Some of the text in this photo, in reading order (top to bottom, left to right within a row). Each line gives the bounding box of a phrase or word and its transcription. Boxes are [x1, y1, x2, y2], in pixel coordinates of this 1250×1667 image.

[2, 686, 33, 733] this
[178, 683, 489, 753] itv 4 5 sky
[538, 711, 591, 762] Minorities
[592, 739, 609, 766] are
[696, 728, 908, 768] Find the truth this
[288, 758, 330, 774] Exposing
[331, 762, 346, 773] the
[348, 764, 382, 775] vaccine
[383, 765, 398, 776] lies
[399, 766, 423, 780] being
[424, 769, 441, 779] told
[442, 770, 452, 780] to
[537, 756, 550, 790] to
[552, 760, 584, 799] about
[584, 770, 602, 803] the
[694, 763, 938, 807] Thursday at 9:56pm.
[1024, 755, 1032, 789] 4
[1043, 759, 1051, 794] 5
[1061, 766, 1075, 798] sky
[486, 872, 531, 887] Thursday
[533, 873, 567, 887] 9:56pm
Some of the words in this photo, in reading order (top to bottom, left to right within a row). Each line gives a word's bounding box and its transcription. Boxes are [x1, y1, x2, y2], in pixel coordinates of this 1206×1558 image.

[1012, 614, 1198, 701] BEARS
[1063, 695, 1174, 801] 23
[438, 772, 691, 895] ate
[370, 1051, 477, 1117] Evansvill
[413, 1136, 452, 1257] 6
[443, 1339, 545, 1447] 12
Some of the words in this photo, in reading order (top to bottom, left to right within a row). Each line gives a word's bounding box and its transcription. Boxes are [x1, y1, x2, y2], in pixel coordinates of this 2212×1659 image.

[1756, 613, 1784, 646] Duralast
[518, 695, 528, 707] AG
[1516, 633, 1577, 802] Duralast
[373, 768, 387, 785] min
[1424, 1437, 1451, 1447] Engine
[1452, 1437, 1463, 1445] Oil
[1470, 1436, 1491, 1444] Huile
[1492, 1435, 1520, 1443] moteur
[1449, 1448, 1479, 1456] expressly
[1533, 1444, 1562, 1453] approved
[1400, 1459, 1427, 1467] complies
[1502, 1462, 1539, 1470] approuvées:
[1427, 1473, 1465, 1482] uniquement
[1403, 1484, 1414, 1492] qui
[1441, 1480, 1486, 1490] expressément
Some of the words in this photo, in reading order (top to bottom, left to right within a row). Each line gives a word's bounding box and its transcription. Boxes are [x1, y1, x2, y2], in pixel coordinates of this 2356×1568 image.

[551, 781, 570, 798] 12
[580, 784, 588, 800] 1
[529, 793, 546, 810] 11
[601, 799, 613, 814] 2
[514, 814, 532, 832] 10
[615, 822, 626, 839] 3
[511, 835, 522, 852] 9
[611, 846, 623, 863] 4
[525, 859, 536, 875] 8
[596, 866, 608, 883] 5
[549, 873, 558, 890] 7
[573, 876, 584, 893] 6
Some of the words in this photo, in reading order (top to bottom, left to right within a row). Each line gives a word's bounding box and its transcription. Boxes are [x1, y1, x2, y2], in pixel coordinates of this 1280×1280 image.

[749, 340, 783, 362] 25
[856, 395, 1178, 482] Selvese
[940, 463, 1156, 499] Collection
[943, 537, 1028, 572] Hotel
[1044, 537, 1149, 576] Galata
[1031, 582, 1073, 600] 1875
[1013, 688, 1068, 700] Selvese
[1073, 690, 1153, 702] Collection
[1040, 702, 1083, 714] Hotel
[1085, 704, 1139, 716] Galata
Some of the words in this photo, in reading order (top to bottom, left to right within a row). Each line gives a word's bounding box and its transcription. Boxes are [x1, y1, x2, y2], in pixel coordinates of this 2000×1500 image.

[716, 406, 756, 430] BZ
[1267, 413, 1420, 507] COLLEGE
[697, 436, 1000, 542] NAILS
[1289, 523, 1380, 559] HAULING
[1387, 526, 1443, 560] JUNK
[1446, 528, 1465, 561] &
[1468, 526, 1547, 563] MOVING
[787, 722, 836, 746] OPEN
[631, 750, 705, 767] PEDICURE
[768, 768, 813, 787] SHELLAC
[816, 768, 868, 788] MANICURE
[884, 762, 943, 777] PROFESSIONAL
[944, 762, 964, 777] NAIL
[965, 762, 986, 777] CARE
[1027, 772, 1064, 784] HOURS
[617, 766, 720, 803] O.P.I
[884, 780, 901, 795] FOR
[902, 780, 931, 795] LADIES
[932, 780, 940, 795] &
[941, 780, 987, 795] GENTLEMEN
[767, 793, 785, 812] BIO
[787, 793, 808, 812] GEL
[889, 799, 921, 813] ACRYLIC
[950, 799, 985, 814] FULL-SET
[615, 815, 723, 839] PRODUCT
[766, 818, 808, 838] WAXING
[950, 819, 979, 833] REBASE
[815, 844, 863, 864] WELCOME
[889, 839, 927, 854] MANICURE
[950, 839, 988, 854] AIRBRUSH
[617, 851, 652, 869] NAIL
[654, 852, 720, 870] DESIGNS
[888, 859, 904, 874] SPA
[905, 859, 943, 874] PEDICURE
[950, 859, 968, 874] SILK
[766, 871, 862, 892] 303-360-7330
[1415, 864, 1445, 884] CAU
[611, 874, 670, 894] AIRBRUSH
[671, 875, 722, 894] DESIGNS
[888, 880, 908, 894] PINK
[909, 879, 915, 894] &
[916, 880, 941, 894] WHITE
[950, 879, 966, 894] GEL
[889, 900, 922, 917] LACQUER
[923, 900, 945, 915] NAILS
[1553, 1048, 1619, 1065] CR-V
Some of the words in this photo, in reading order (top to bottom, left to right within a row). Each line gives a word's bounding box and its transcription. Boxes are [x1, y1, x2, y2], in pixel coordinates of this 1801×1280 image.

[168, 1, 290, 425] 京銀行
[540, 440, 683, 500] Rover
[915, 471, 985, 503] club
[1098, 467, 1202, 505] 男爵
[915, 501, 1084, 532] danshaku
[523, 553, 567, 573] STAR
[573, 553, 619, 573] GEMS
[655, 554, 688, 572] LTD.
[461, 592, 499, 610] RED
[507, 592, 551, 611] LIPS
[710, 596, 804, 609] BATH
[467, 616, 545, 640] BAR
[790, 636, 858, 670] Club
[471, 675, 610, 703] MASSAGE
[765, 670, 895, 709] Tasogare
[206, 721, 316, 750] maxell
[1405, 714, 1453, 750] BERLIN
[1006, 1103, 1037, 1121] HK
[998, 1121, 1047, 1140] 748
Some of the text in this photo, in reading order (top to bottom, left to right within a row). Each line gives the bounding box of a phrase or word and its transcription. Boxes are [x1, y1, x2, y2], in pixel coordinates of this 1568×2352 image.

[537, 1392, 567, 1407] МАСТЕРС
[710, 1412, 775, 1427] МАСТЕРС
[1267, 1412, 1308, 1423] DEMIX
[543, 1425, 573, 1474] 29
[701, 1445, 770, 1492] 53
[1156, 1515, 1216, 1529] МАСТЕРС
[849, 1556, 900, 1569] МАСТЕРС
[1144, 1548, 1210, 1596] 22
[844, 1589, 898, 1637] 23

-.-.-

What the exercise asks for is the listing above, retyped in full.

Some of the text in this photo, in reading order (top to bottom, left to right within a row). Each line gives the bounding box of a phrase or word and its transcription. Boxes are [x1, y1, x2, y2], in pixel coordinates of this 1250×1667 image.

[2, 686, 33, 733] this
[178, 683, 489, 753] itv 4 5 sky
[538, 711, 591, 762] Minorities
[592, 739, 609, 766] are
[696, 728, 908, 768] Find the truth this
[288, 758, 330, 774] Exposing
[331, 762, 346, 773] the
[348, 764, 382, 775] vaccine
[383, 765, 398, 776] lies
[399, 766, 423, 780] being
[424, 769, 441, 779] told
[442, 770, 452, 780] to
[537, 756, 550, 790] to
[552, 760, 584, 799] about
[584, 770, 602, 803] the
[694, 763, 938, 807] Thursday at 9:56pm.
[1024, 755, 1032, 789] 4
[1043, 759, 1051, 794] 5
[1061, 766, 1075, 798] sky
[486, 872, 531, 887] Thursday
[533, 873, 567, 887] 9:56pm
Some of the words in this photo, in reading order (top to bottom, left to right within a row). Each line gives a word's bounding box and its transcription. Boxes are [x1, y1, x2, y2], in pixel coordinates of this 1206×1558 image.

[1012, 614, 1198, 701] BEARS
[1063, 695, 1174, 801] 23
[438, 772, 691, 895] ate
[370, 1051, 477, 1117] Evansvill
[413, 1136, 452, 1257] 6
[443, 1339, 545, 1447] 12
Some of the words in this photo, in reading order (top to bottom, left to right within a row). Each line gives a word's bounding box and its transcription. Boxes are [x1, y1, x2, y2], in pixel coordinates of this 2212×1659 image.

[1756, 613, 1784, 646] Duralast
[518, 695, 528, 707] AG
[1516, 633, 1577, 802] Duralast
[373, 768, 387, 785] min
[1424, 1437, 1451, 1447] Engine
[1452, 1437, 1463, 1445] Oil
[1470, 1436, 1491, 1444] Huile
[1492, 1435, 1520, 1443] moteur
[1449, 1448, 1479, 1456] expressly
[1533, 1444, 1562, 1453] approved
[1400, 1459, 1427, 1467] complies
[1502, 1462, 1539, 1470] approuvées:
[1427, 1473, 1465, 1482] uniquement
[1403, 1484, 1414, 1492] qui
[1441, 1480, 1486, 1490] expressément
Some of the words in this photo, in reading order (top to bottom, left to right within a row). Each line gives a word's bounding box and its transcription. Boxes are [x1, y1, x2, y2], in pixel coordinates of this 2356×1568 image.

[551, 781, 570, 798] 12
[580, 784, 588, 800] 1
[529, 793, 546, 810] 11
[601, 799, 613, 814] 2
[514, 814, 532, 832] 10
[615, 822, 626, 839] 3
[511, 835, 522, 852] 9
[611, 846, 623, 863] 4
[525, 859, 536, 875] 8
[596, 866, 608, 883] 5
[549, 873, 558, 890] 7
[573, 876, 584, 893] 6
Some of the words in this photo, in reading order (top to bottom, left to right within a row). Each line gives a word's bounding box and its transcription. Boxes are [x1, y1, x2, y2], in pixel coordinates of this 1280×1280 image.

[749, 340, 783, 362] 25
[856, 395, 1178, 482] Selvese
[940, 463, 1156, 499] Collection
[943, 537, 1028, 572] Hotel
[1044, 537, 1149, 576] Galata
[1031, 582, 1073, 600] 1875
[1013, 688, 1068, 700] Selvese
[1073, 690, 1153, 702] Collection
[1040, 702, 1083, 714] Hotel
[1085, 704, 1139, 716] Galata
Some of the words in this photo, in reading order (top to bottom, left to right within a row). Each line gives a word's bounding box and its transcription. Boxes are [x1, y1, x2, y2], in pixel coordinates of this 2000×1500 image.

[716, 406, 756, 430] BZ
[1267, 413, 1420, 507] COLLEGE
[697, 436, 1000, 542] NAILS
[1289, 523, 1380, 559] HAULING
[1387, 526, 1443, 560] JUNK
[1446, 528, 1465, 561] &
[1468, 526, 1547, 563] MOVING
[787, 722, 836, 746] OPEN
[631, 750, 705, 767] PEDICURE
[768, 768, 813, 787] SHELLAC
[816, 768, 868, 788] MANICURE
[884, 762, 943, 777] PROFESSIONAL
[944, 762, 964, 777] NAIL
[965, 762, 986, 777] CARE
[1027, 772, 1064, 784] HOURS
[617, 766, 720, 803] O.P.I
[884, 780, 901, 795] FOR
[902, 780, 931, 795] LADIES
[932, 780, 940, 795] &
[941, 780, 987, 795] GENTLEMEN
[767, 793, 785, 812] BIO
[787, 793, 808, 812] GEL
[889, 799, 921, 813] ACRYLIC
[950, 799, 985, 814] FULL-SET
[615, 815, 723, 839] PRODUCT
[766, 818, 808, 838] WAXING
[950, 819, 979, 833] REBASE
[815, 844, 863, 864] WELCOME
[889, 839, 927, 854] MANICURE
[950, 839, 988, 854] AIRBRUSH
[617, 851, 652, 869] NAIL
[654, 852, 720, 870] DESIGNS
[888, 859, 904, 874] SPA
[905, 859, 943, 874] PEDICURE
[950, 859, 968, 874] SILK
[766, 871, 862, 892] 303-360-7330
[1415, 864, 1445, 884] CAU
[611, 874, 670, 894] AIRBRUSH
[671, 875, 722, 894] DESIGNS
[888, 880, 908, 894] PINK
[909, 879, 915, 894] &
[916, 880, 941, 894] WHITE
[950, 879, 966, 894] GEL
[889, 900, 922, 917] LACQUER
[923, 900, 945, 915] NAILS
[1553, 1048, 1619, 1065] CR-V
Some of the words in this photo, in reading order (top to bottom, left to right within a row). Each line gives a word's bounding box and its transcription. Boxes are [x1, y1, x2, y2], in pixel coordinates of this 1801×1280 image.

[168, 1, 290, 425] 京銀行
[540, 440, 683, 500] Rover
[915, 471, 985, 503] club
[1098, 467, 1202, 505] 男爵
[915, 501, 1084, 532] danshaku
[523, 553, 567, 573] STAR
[573, 553, 619, 573] GEMS
[655, 554, 688, 572] LTD.
[461, 592, 499, 610] RED
[507, 592, 551, 611] LIPS
[710, 596, 804, 609] BATH
[467, 616, 545, 640] BAR
[790, 636, 858, 670] Club
[471, 675, 610, 703] MASSAGE
[765, 670, 895, 709] Tasogare
[206, 721, 316, 750] maxell
[1405, 714, 1453, 750] BERLIN
[1006, 1103, 1037, 1121] HK
[998, 1121, 1047, 1140] 748
Some of the text in this photo, in reading order (top to bottom, left to right within a row). Each line gives the bounding box of a phrase or word and its transcription. Boxes are [x1, y1, x2, y2], in pixel coordinates of this 1568×2352 image.

[537, 1392, 567, 1407] МАСТЕРС
[710, 1412, 775, 1427] МАСТЕРС
[1267, 1412, 1308, 1423] DEMIX
[543, 1425, 573, 1474] 29
[701, 1445, 770, 1492] 53
[1156, 1515, 1216, 1529] МАСТЕРС
[849, 1556, 900, 1569] МАСТЕРС
[1144, 1548, 1210, 1596] 22
[844, 1589, 898, 1637] 23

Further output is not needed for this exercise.